Beliau memaparkan hasil pemodelan berbasis enam skenario kebijakan yang menunjukkan perbedaan mendasar dalam bauran energi, investasi pembangkit, dan tingkat emisi. Skenario tanpa intervensi kebijakan masih memicu dominasi pembangkit fosil, sedangkan skenario terintegrasi—yang menggabungkan carbon pricing, batas emisi, dan CCS—memperlihatkan peningkatan penetrasi energi terbarukan hingga lebih dari 70% pada tahun 2050 serta penurunan emisi yang jauh lebih signifikan. Meski membutuhkan investasi lebih besar, pendekatan tersebut dinilai paling efektif untuk memastikan sistem kelistrikan tetap andal, aman, dan sejalan dengan komitmen Net Zero Emission.

Prof. Sarjiya menutup pemaparan dengan menekankan pentingnya perencanaan jangka panjang, kesiapan infrastruktur jaringan, serta sinyal kebijakan yang jelas bagi industri energi.
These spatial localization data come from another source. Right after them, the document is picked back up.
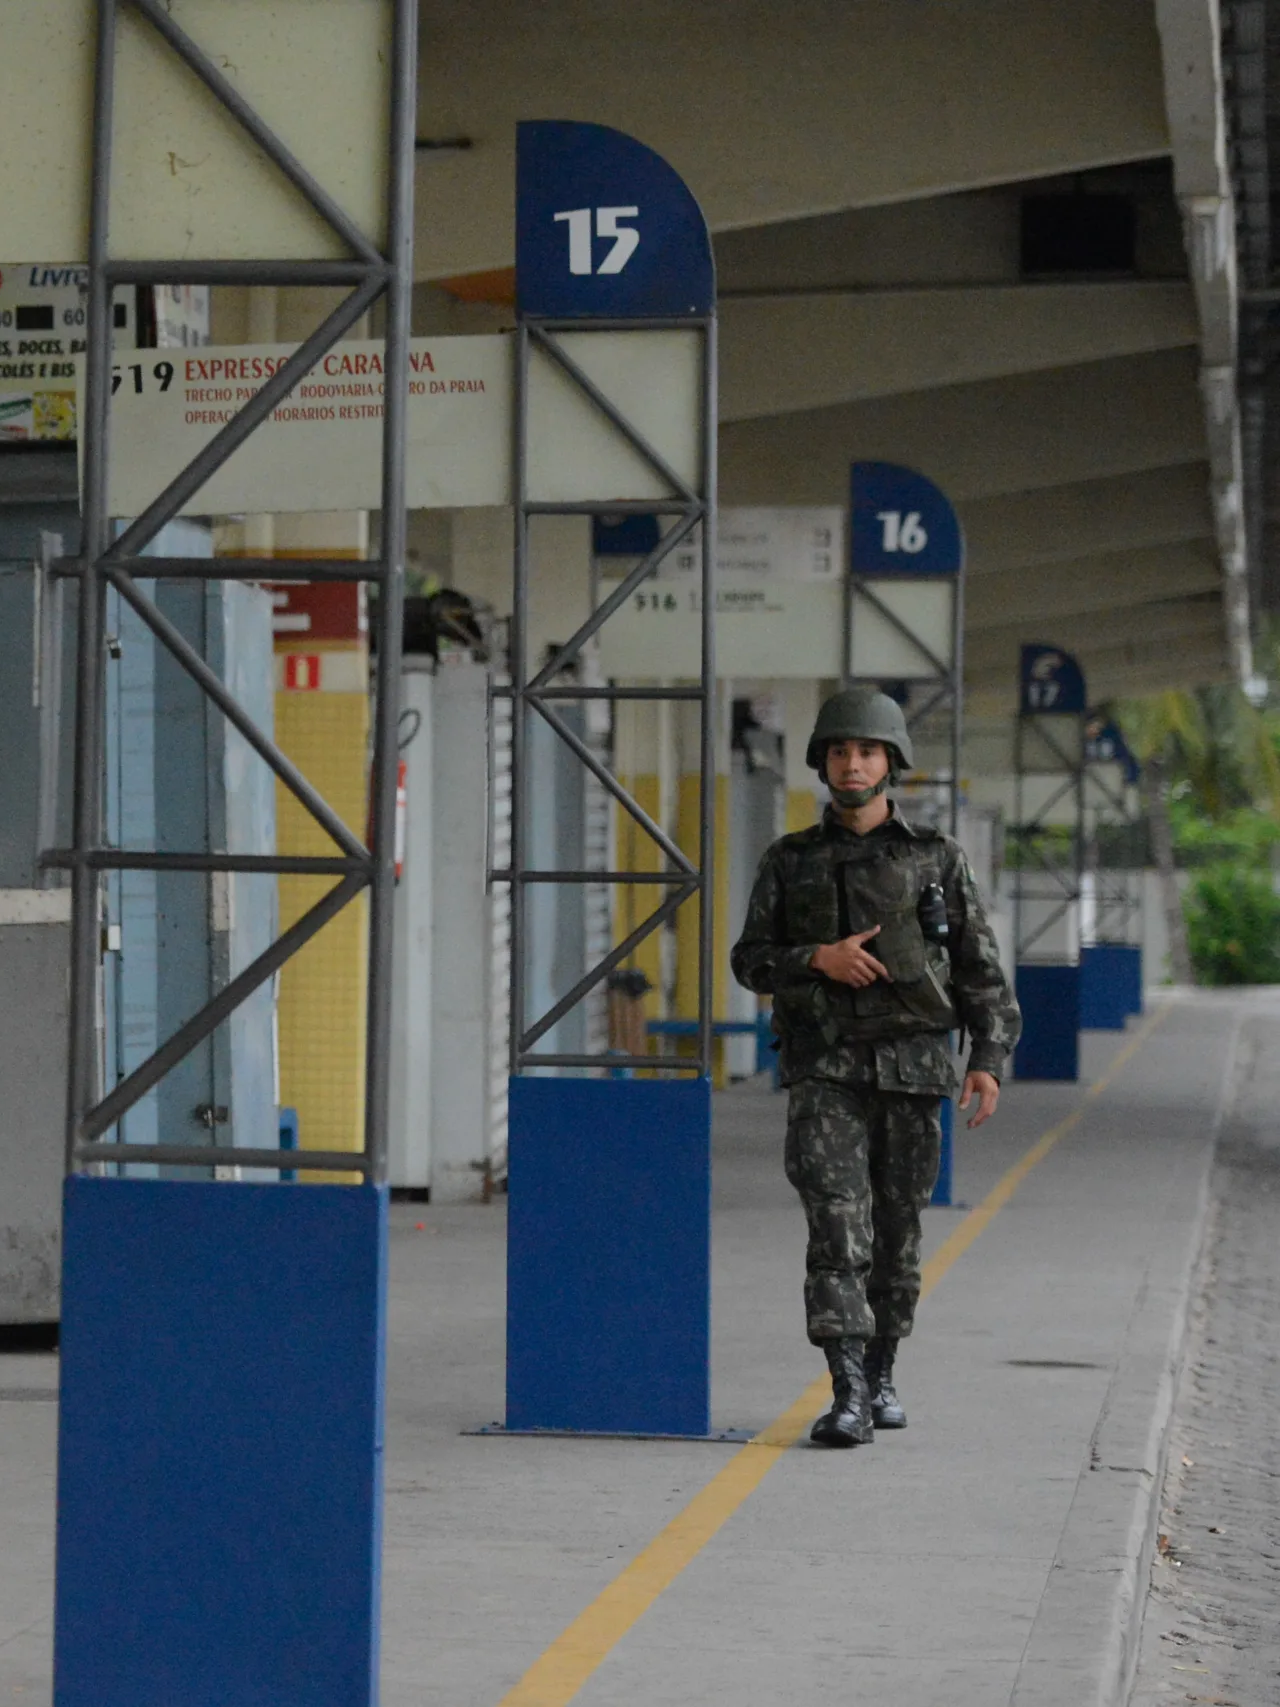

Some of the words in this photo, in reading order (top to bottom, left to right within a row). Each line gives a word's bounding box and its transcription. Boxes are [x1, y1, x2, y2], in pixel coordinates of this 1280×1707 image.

[553, 206, 640, 275] 15
[63, 307, 85, 326] 60
[324, 352, 436, 377] CARANA
[185, 387, 232, 402] TRECHO
[429, 381, 446, 395] DA
[450, 379, 486, 394] PRAIA
[875, 510, 928, 554] 16
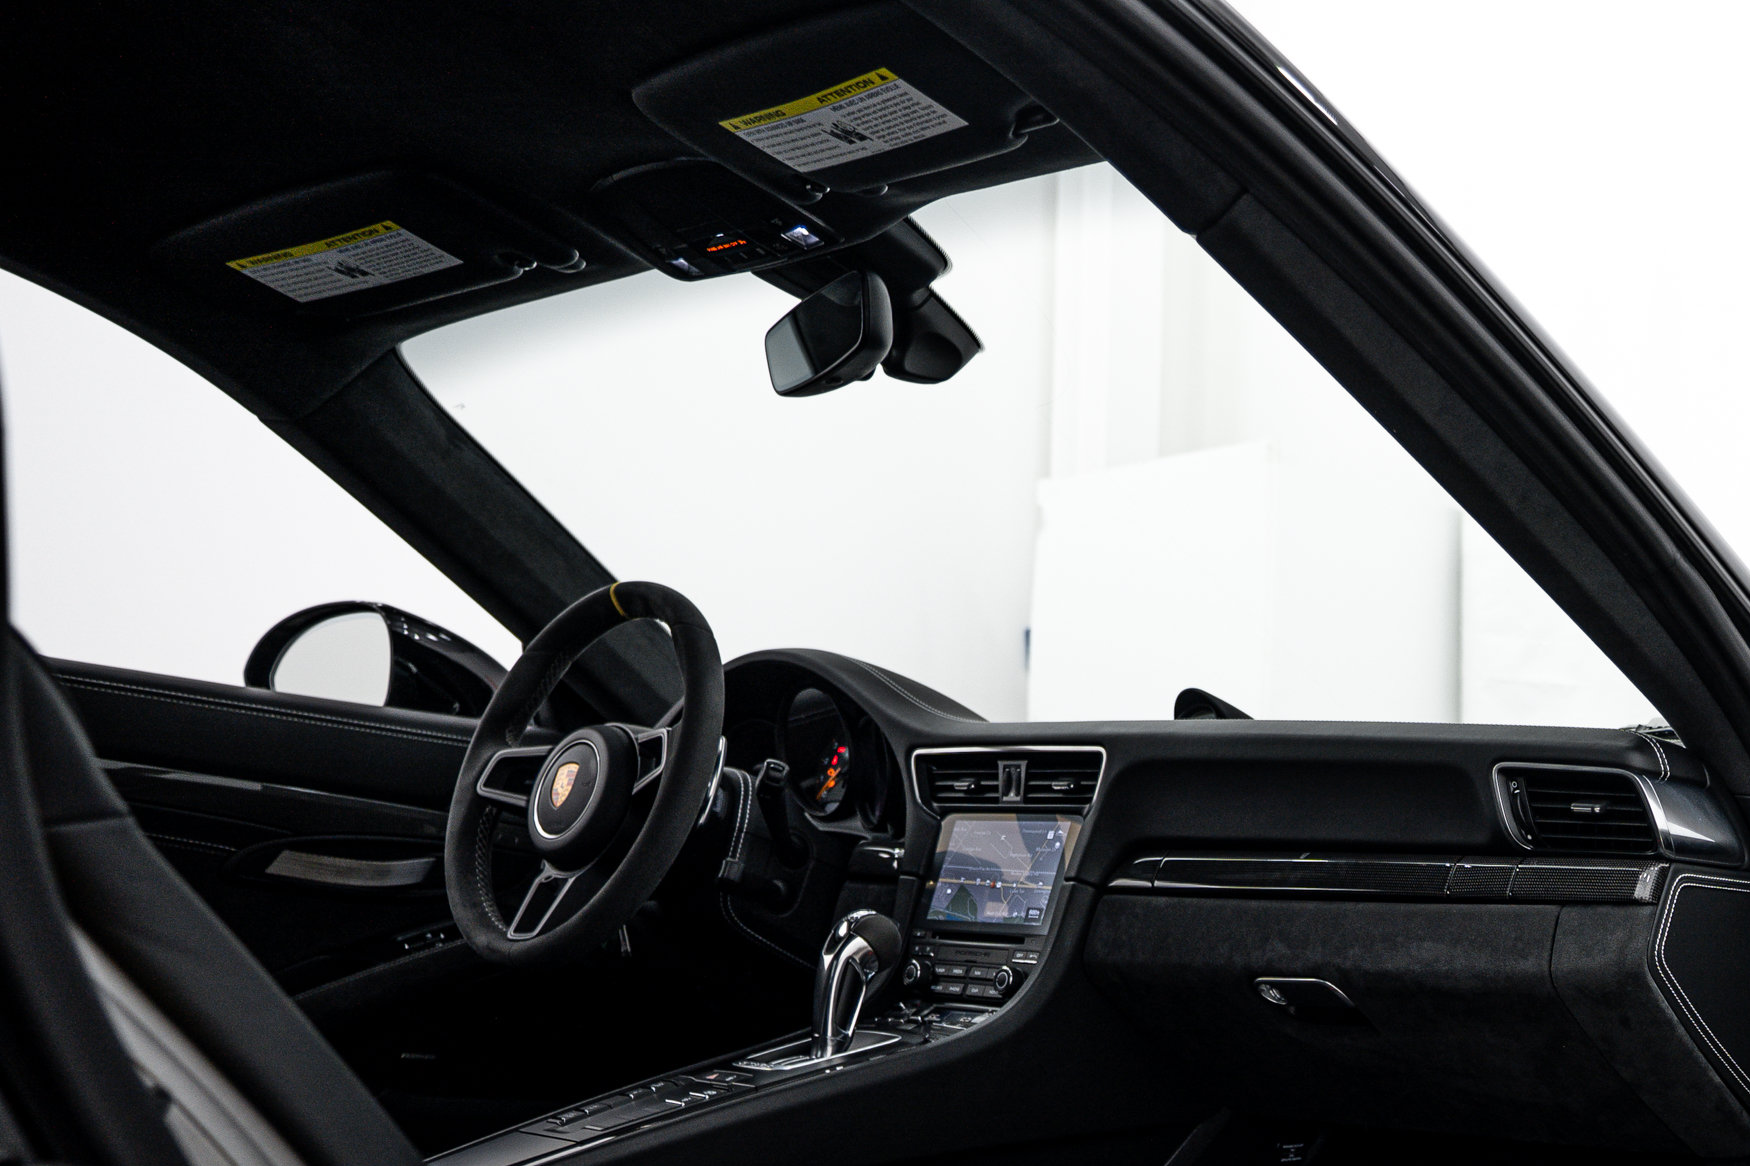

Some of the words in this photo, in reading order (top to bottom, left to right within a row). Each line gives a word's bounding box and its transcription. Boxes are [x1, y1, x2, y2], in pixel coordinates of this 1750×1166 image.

[816, 77, 876, 105] ATTENTION
[740, 109, 787, 127] WARNING
[324, 227, 380, 250] ATTENTION
Menurutnya, dekarbonisasi sistem listrik tidak hanya bicara teknologi, tetapi konsistensi regulasi, koordinasi antarlembaga, dan strategi investasi nasional. Sebab, kebijakan yang terintegrasi akan mempercepat transisi, menjaga ketahanan energi, dan memastikan pembangunan ekonomi tetap berkelanjutan. Dengan riset dan model kebijakan yang kuat, Indonesia diharapkan mampu menavigasi transisi energi menuju sistem tenaga listrik rendah karbon yang andal dan inklusif. (RAS)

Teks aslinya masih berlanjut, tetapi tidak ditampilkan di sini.